Benefits of Early Foreign Language Exposure

bbds-cr-13The ability to learn a language is, they say, part of the “software” we’re born with, running in slightly different ways based on specific data inputs. This “program” is called “universal grammar,” and it explains how children can learn so quickly despite being surrounded by unfamiliar sounds, many of which aren’t even part of language!”

Even in the womb a baby can begin to pick up on the rhythm and cadence of speech—what linguists (and poets) call prosody. As Dr. Yang a linguist who teaches at the University of Pennsylvania suggests, hum a sentence in English and then one in Spanish. There are broad distinctions between the patterns of stress and how long you hold different syllables between these languages. Scientists have proven that even newborns are sensitive enough to these differences to notice when a speaker switches from one language to another. From the get-go, babies use prosody to pull speech out of “the acoustic mess that conceals consonants, vowels, and words”.
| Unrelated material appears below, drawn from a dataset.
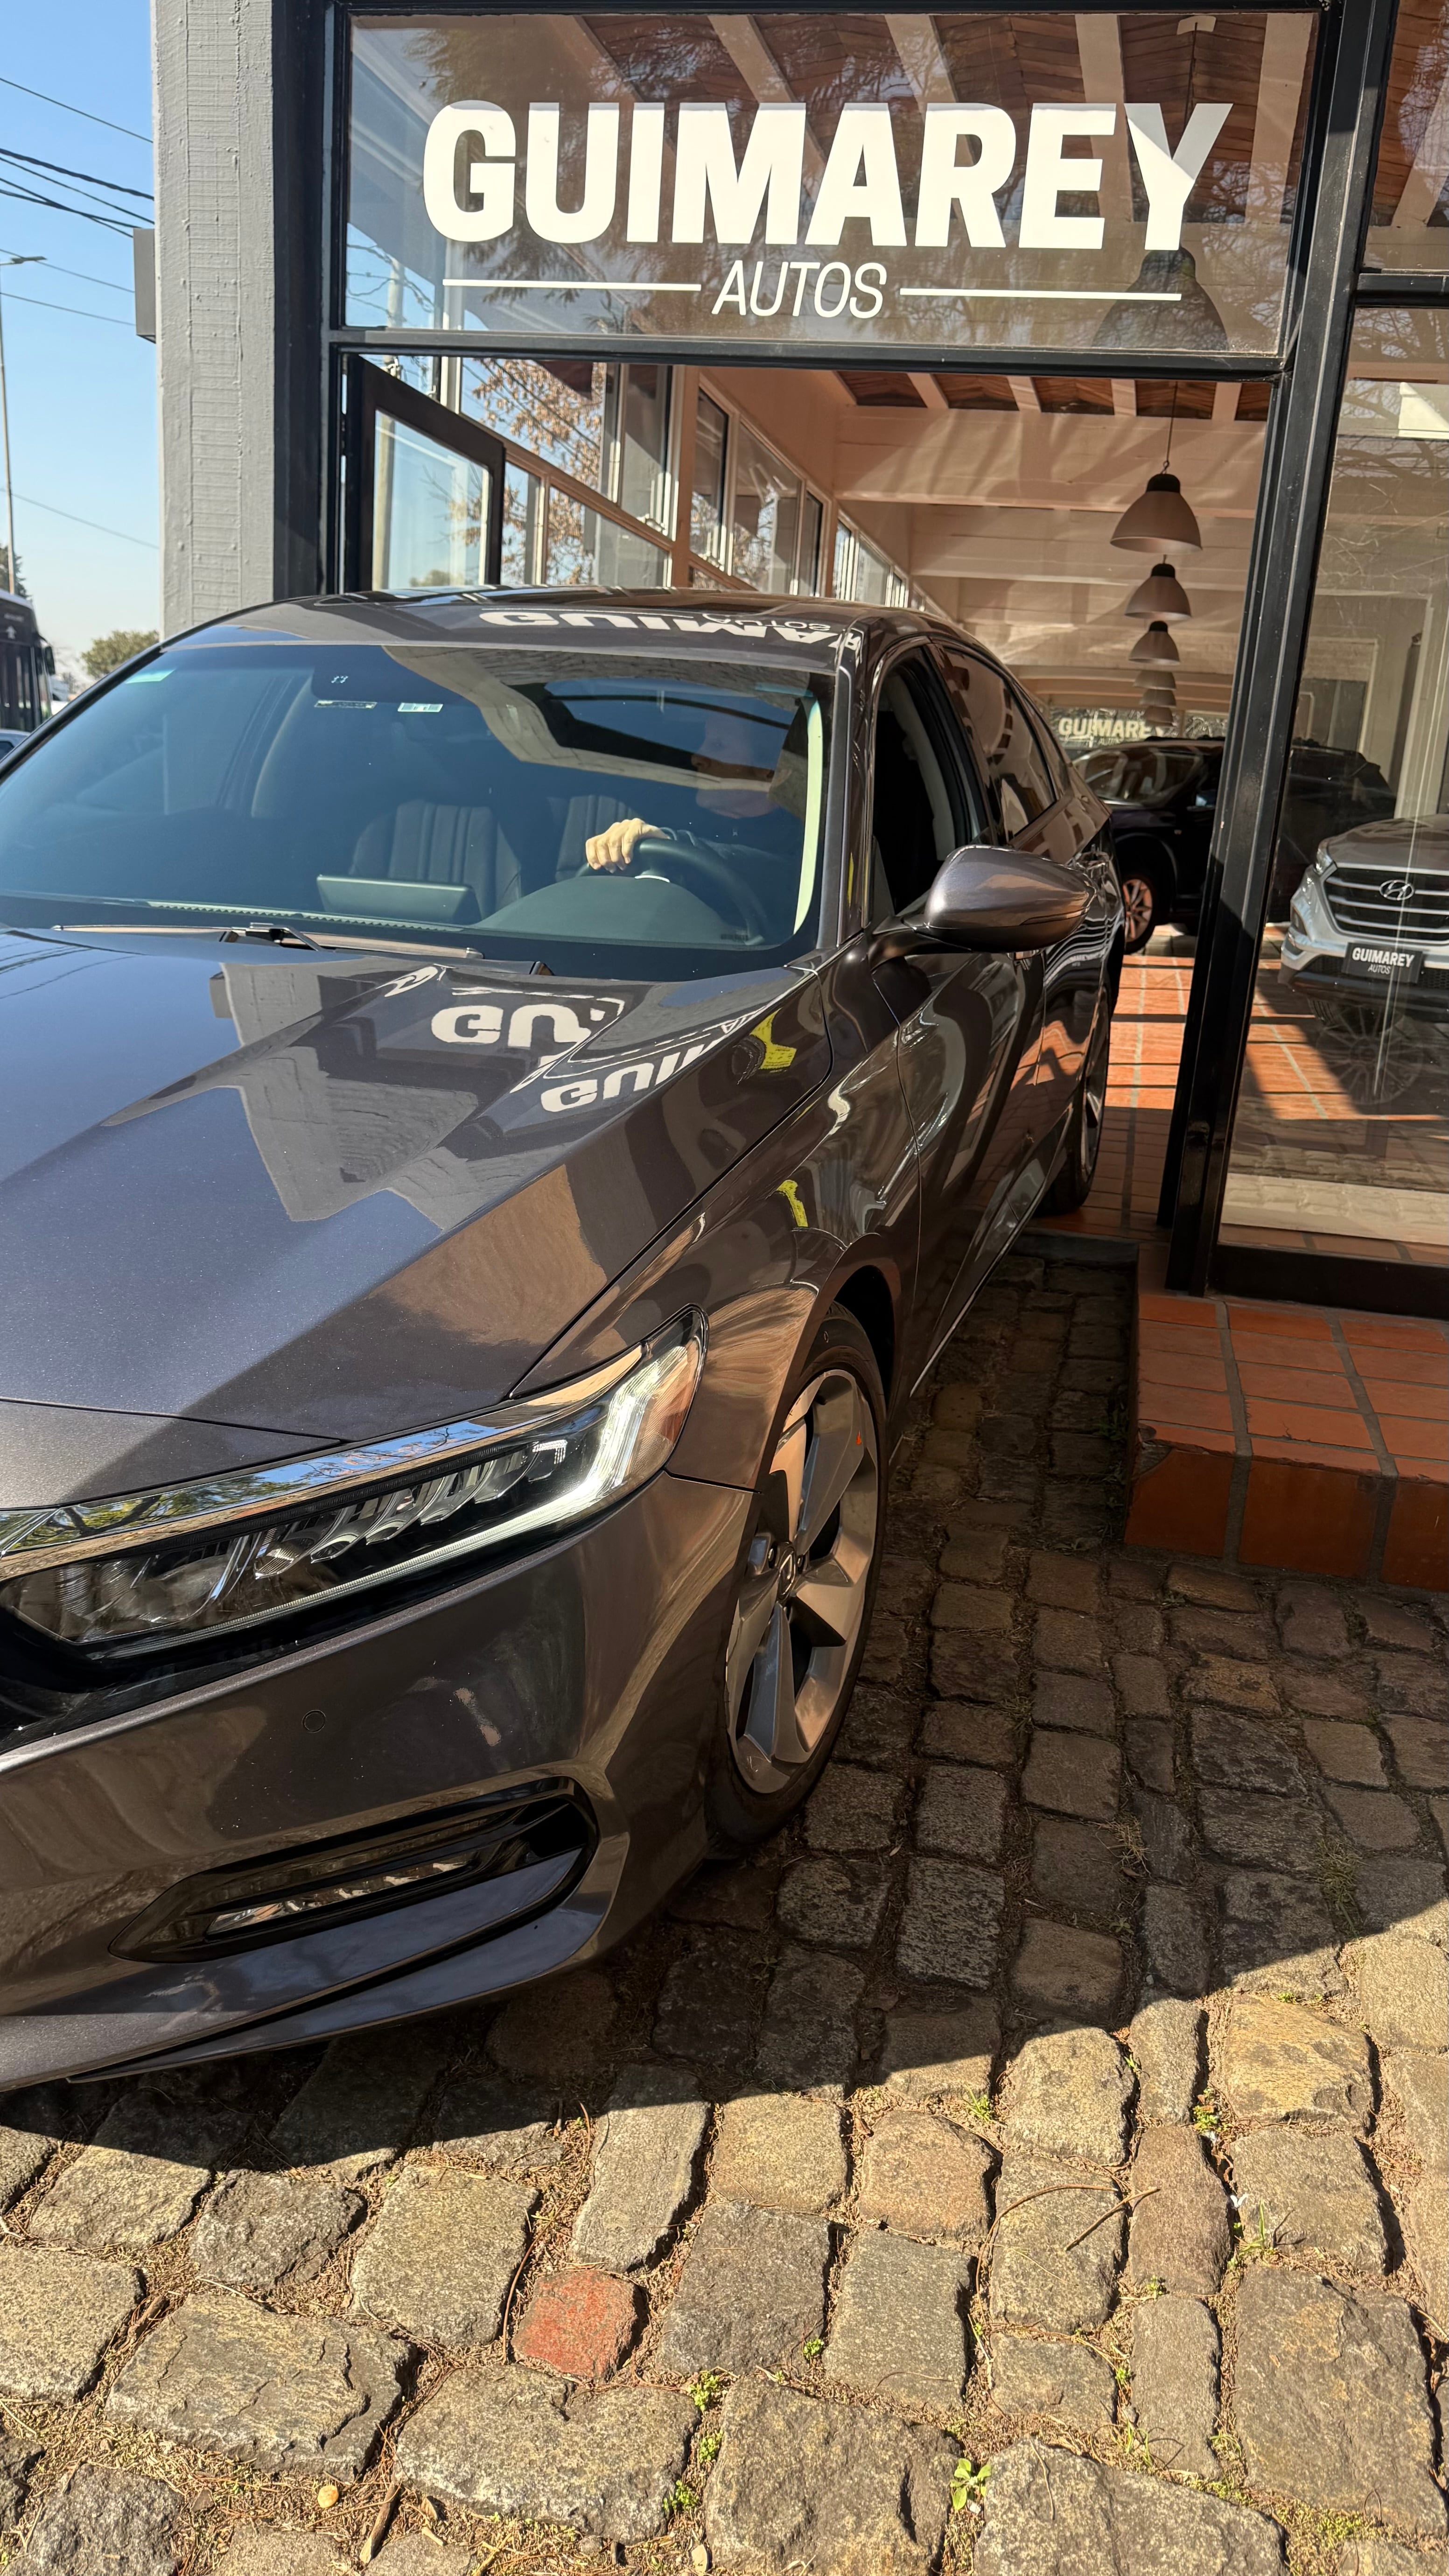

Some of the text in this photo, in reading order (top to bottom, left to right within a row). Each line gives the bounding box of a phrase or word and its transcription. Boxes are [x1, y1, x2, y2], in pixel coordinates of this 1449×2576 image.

If the most critical step of language learning for a child is the process of finding the language—of picking its words and sounds and rhythms out from all the “acoustic mess” around them—then help them find more than one language! This won’t mix them up anymore than playing Radiohead and Rachmaninoff will leave them later incapable of telling rock from classical. The astonishing truth is “children are infinitely better at learning languages than we are”.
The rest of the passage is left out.